During that expedition, the team recovered a fragment of a large Cretaceous terrestrial trionychoid turtle Basilemys from the family Nanhsiungchelyidae near the confluence of Birdflat Creek and the Sustut River. This largely North American turtle along with the plants will allow us to make correlations with terrestrial finds from other sites including those from the Nanaimo group, the inland island construction sites and the Trent River on Vancouver Island and Horseshoe Canyon in southwestern Alberta. Jordan Mallon and Donald Brinkman have done some good work on the Basilemys morrinensis from the Upper Cretaceous Horseshoe Canyon Formation. The Sustut Basin turtle and plant remains have been accessioned into the Royal BC Museum’s collections in Victoria.
It wasn't until last summer that Arbour was able to extract more of this dinosaur and not all of it as their field season was shortened by a cold snap that brought snow and ice, freezing the ground they were working in the high alpine. Arbour plans to continue her work searching for dinosaur fossils in the high alpine plateaus of northern British Columbia. A fresh grant this year from the Natural Sciences and Engineering Research Council of Canada (NSERC) will help pave the way for both her and some summer students to continue their fieldwork.
Reference: Arbour VM, Evans DC. 2019. A new leptoceratopsid dinosaur from Maastrichtian-aged deposits of the Sustut Basin, northern British Columbia, Canada.
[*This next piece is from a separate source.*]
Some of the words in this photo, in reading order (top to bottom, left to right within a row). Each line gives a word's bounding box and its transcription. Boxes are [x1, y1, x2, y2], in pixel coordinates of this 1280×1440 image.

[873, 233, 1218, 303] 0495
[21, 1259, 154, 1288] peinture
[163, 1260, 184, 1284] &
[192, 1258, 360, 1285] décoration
PeerJ 7:e7926 https://doi.org/10.7717/peerj.7926. Here's a link to the paper: https://peerj.com/articles/7926/
Figure 1: RBCM P900, the holotype of Ferrisaurus sustutensis, was collected along the BC Rail line near the intersection of Birdflat Creek and the Sustut River in 1971, in the Sustut Basin of northern British Columbia, Canada. Map modified from Evenchick et al. (2003).
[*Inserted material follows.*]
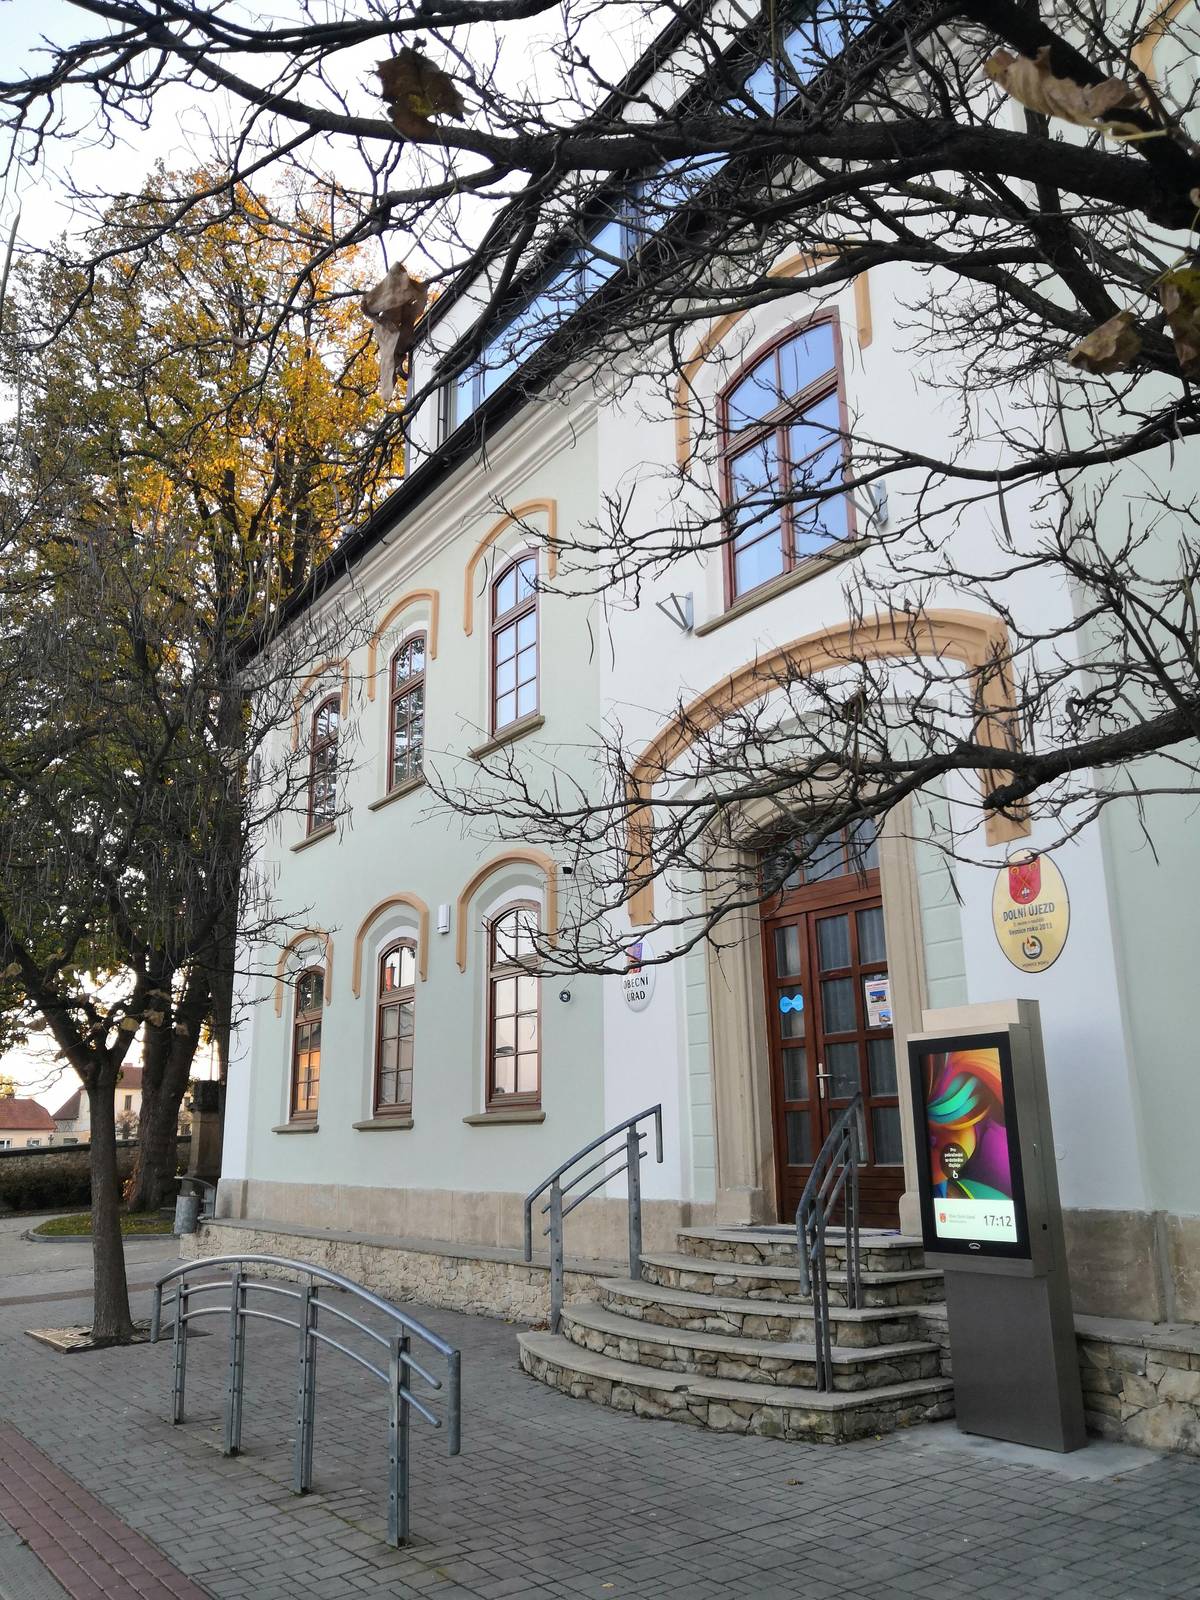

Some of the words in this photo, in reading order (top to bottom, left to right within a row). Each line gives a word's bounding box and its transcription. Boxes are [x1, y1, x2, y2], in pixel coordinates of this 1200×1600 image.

[1003, 906, 1027, 921] DOLNÍ
[1028, 902, 1055, 916] ÚJEZD
[623, 974, 649, 990] OBECNÍ
[983, 1215, 1013, 1227] 17:12
Figure 2: Preserved elements of RBCM P900, holotype of Ferrisaurus sustutensis, in white (gray represents missing parts of incomplete bones). RBCM P900 includes a partial right coracoid, partial left scapular blade, complete left radius, partial left ulna, partial left tibia, fibula, and coossified astragalus and ?calcaneum, partial left metatarsals I-IV, and digits III (phalanges 2–4) and IV (phalanges 2–5) of the right pes.
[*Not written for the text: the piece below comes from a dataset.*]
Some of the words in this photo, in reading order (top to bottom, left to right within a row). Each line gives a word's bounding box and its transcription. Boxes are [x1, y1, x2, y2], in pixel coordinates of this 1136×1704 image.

Figure 3: Pectoral elements of RBCM P900, holotype of Ferrisaurus sustutensis, compared to other Laramidian leptoceratopsids. (A) Fragmentary right coracoid of RBCM P900 in lateral view, compared to (B) complete right scapulocoracoid of CMN 8889, Leptoceratops gracilis, lateral view centered on coracoid with scapula in oblique view. Fragmentary left scapular blade of RBCM P900 in (C) lateral and (D) medial view, compared to (E) left scapula of MOR 300, Cerasinops hodgskissi in medial view, and (F) left scapula of TCM 2003.1.9, Prenoceratops pieganensis in lateral view. Abbreviations: sp, sternal process.